201-La aparición. Por Eremita

         Se descolgó con alivio y malestar la pesada mochila mientras observaba, fascinado, el penumbroso recinto que le rodeaba y le albergaba. Los claroscuros que dibujaba la luz del exiguo Sol que aún entraba por sus nutridas brechas dejaban revelar un ambiente perdulario, ruinoso, polvoriento y enmarañado de añejas telarañas. El mecanismo del viejo molino estaba destrozado, esparcidos sus pedazos desiguales por doquier, abandonado al paso indiferente del tiempo y al desuso herrumbroso.

         Antaño quizá fue formidable en su simple labor. Sus grandes aspas aladas girarían con el empuje caprichoso del viento, obligando a moverse a la enorme y perezosa piedra, la cual transformaría con su masa al maíz en oro blanco. La naturaleza al servicio del animal inteligente, como siempre había sido con mayor o menor fortuna. Gabriel imaginó a aquellas gentes afanosas recogiendo el fruto harinoso y alojándolo en sacos que cargaban en sus protestantes espinazos. Luego una subyugada bestia lo transportaría a su destino final, a la boca de alguna persona en forma de diario pan.

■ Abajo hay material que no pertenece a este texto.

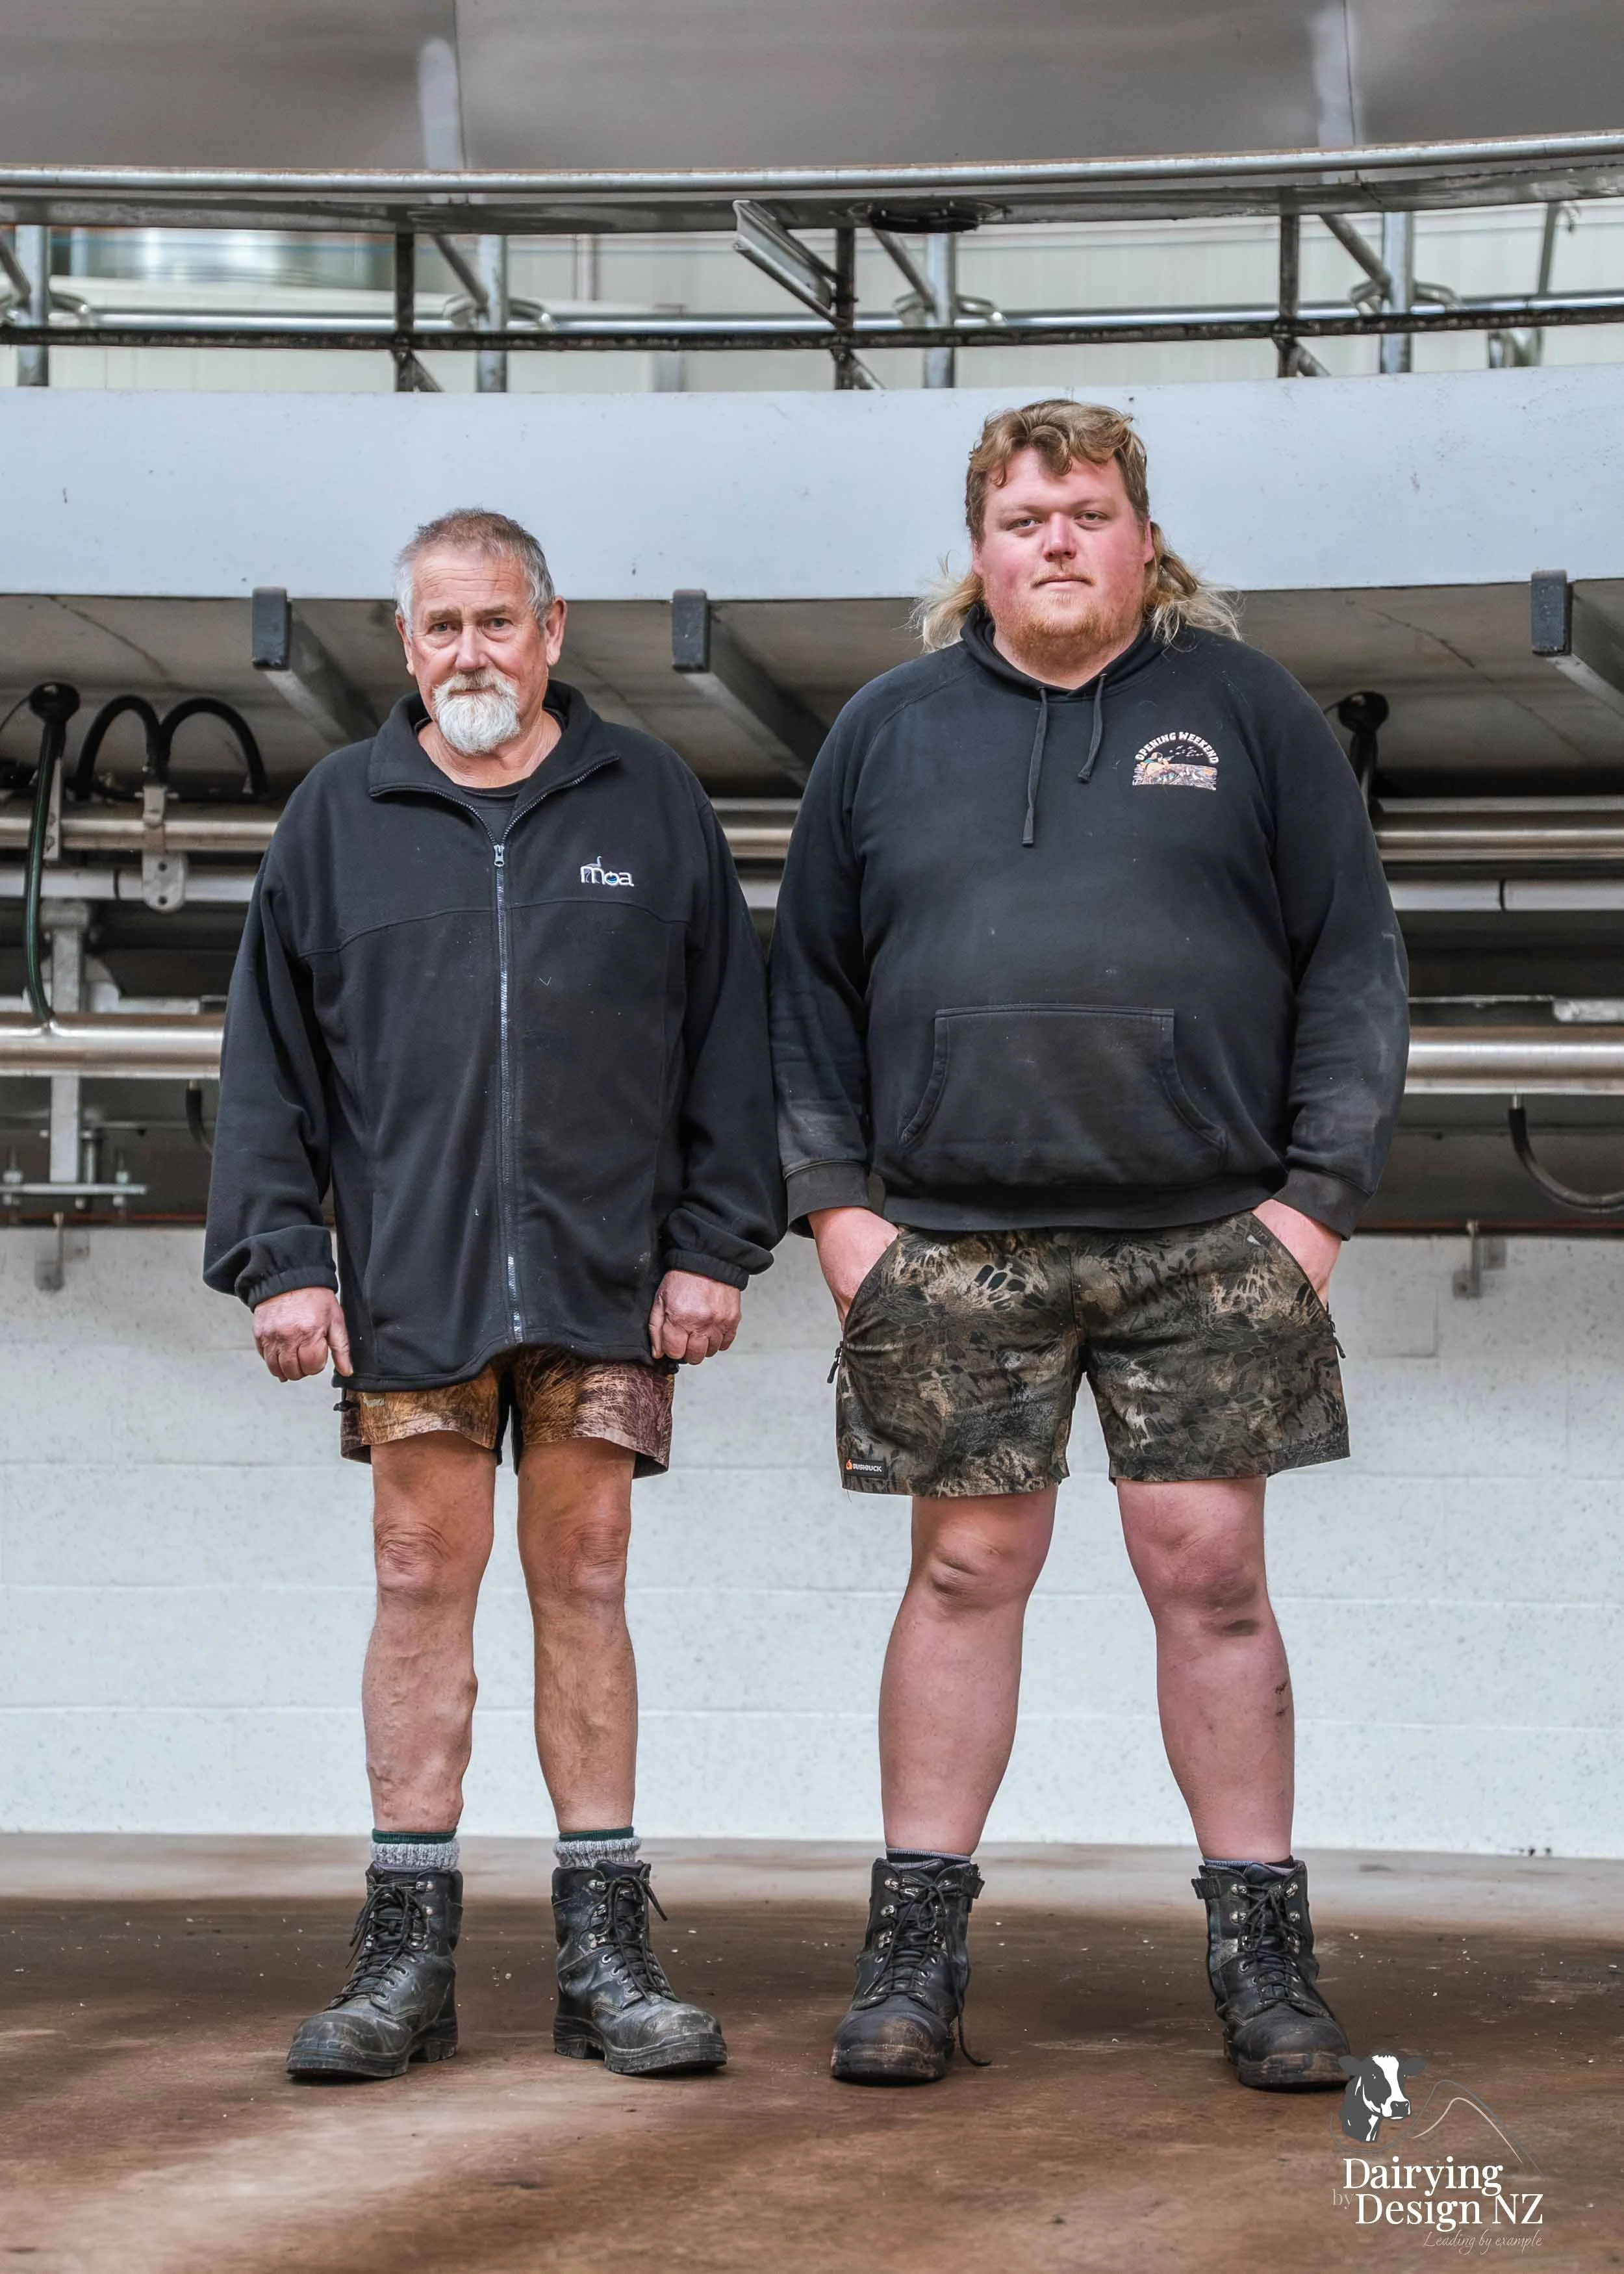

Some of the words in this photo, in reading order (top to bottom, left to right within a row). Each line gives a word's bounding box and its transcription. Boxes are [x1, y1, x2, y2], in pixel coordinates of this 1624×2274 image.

         La oscuridad se adueñaba con rapidez de aquella parte del mundo y el solitario excursionista decidió pasar la noche dentro de esos muros destartalados. Se instaló someramente, pues el lugar no era acogedor del todo debido a la suciedad y la podredumbre reinante. Tras una frugal cena se acomodó en el saco de dormir mas no cerró los ojos, encandilado por las hermosas estrellas que se asomaban presumidas por una considerable grieta del techo.

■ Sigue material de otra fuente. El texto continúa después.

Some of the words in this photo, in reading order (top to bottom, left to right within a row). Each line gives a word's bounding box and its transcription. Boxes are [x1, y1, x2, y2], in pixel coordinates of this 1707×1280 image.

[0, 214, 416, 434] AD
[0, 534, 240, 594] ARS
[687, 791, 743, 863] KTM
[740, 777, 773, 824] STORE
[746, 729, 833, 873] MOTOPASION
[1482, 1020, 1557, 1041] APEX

         Sin embargo otro resplandor, esta vez terreno, sedujo su atención. Enfrente de él, una albura casi cegadora en aquel feudo de sombras se le aproximaba andando sobre sus pies. En el mismo instante, incomprensiblemente y como consecuencia de una corriente repentina, el eje de las aspas desnudas comenzó a dar vueltas y, todavía más inverosímil, la ingente rueda le contestó sin vacilar y sin ninguna conexión entre ellas, ya que casi todas se hallaban despedazadas y diseminadas por el suelo. Pero Gabriel hizo caso omiso al molino resucitado, porque se le acercaba una aparición fantasmal aunque maravillosa. Creyendo que soñaba, sus ojos captaban a una criatura espléndida, bellísima y transparentemente sensual. Sus cabellos rojos se mecían a cada paso mientras su perfecto semblante no le perdía de vista. Él se incorporó sobrecogido y deslumbrado a la vez.

         -¿Me quieres? –susurró de manera clara la muchacha con una dulce voz.

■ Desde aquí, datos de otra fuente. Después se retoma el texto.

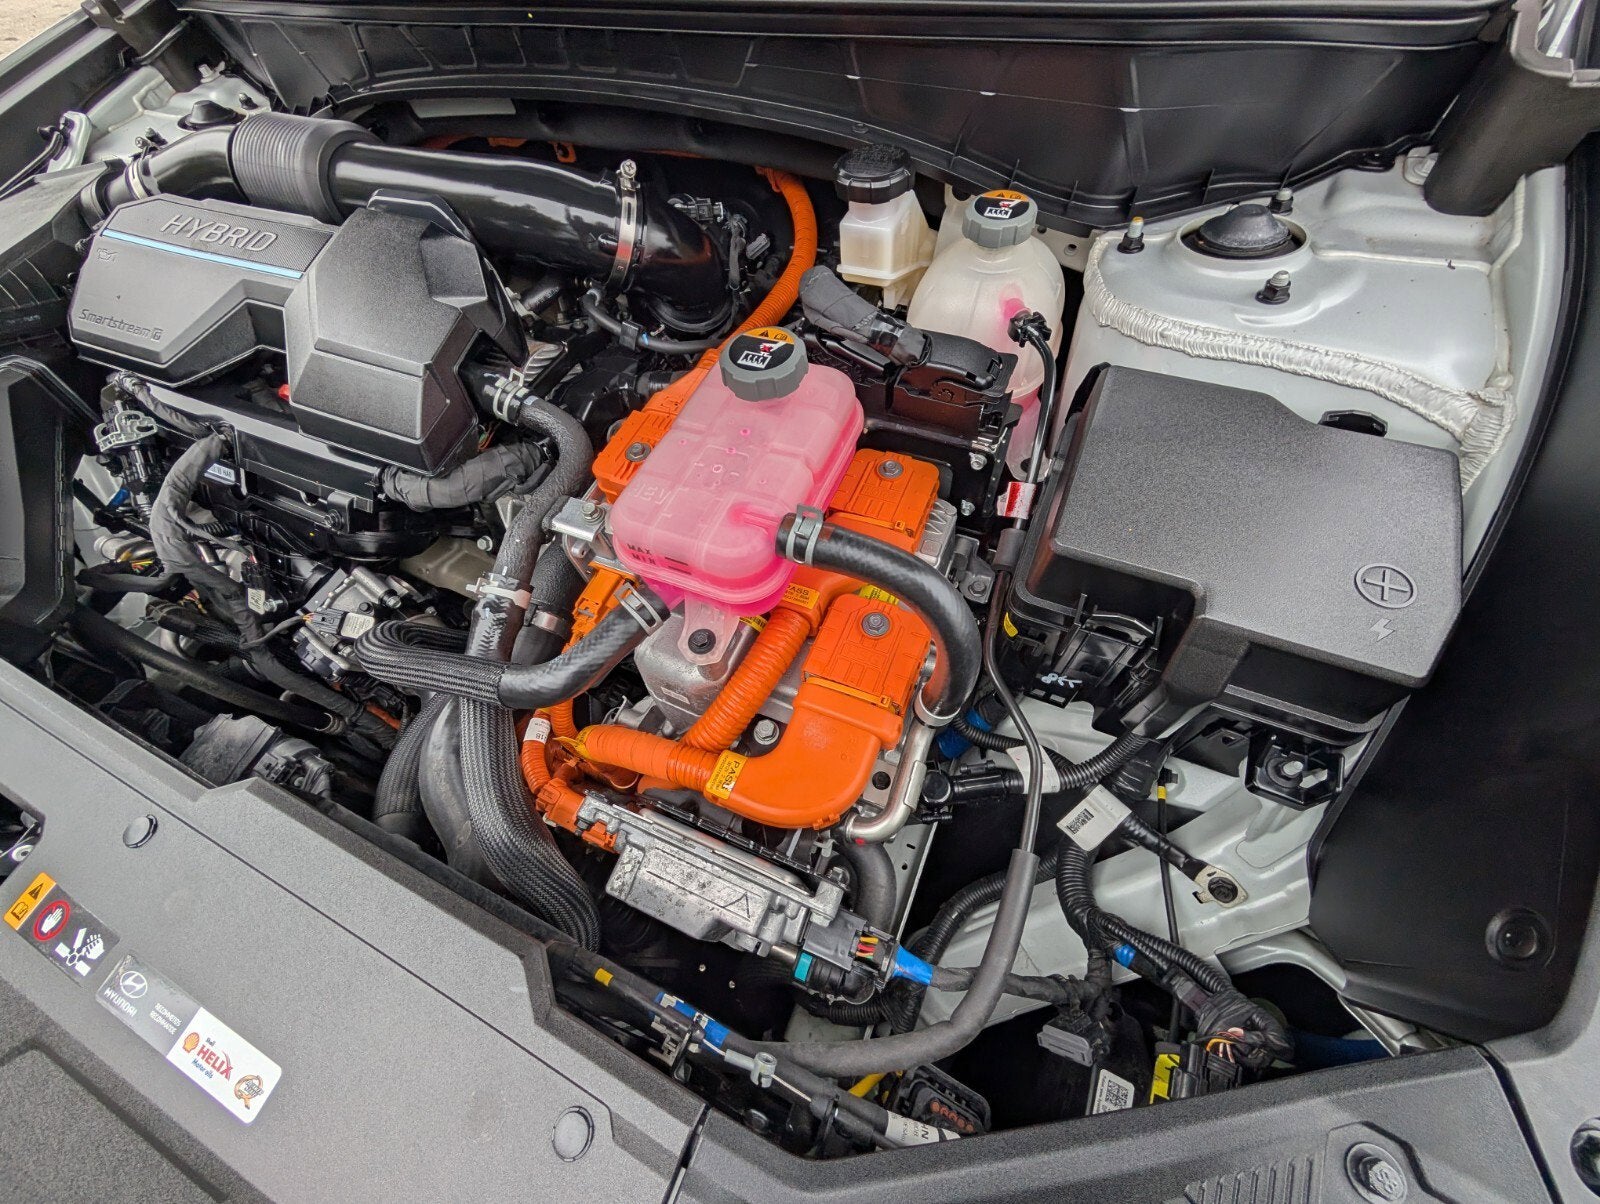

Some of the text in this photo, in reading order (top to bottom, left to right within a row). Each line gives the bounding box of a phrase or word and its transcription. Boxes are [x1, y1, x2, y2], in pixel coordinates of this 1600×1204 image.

[160, 214, 278, 252] HYBRID
[79, 308, 151, 338] Smartstream
[627, 543, 652, 555] MAX
[632, 553, 656, 565] MIN
[103, 987, 138, 1018] HYUNDAI
[197, 1045, 233, 1081] HELIX

         -¿Qué? –sólo pudo articular Gabriel.

         -¿Me amas? –volvió a suplicar la chica, alzando una mano temblorosa hacia el objeto de su deseo.

         -No… No comprendo… –continuó titubeando el estremecido joven.

         Y ella lloró, lloró ante el embotamiento despreciativo de su amado.

         -¡Vas a dejarme! ¡Lo sé! –chilló de improviso aquel ángel. Después, aún más de repente, se abalanzó hacia la piedra que rodaba impasible a la escena romántica y triste. La niña se arrojó en su camino, ávida del brusco cese de su sufrimiento emocional. La muela pareció acogerla gustosa, inquebrantable, como algo insignificante. Gabriel protestó mudamente, sin determinación, y el terrible hecho se consumó… al menos en parte, ya que al mortal contacto de la roca la chica no se apisonó, restallando sus huesos y explotando sus vísceras. No, ella de forma mera y pasmosa se volatilizó, evaporándose en una nada azul que se perdió en la negrura.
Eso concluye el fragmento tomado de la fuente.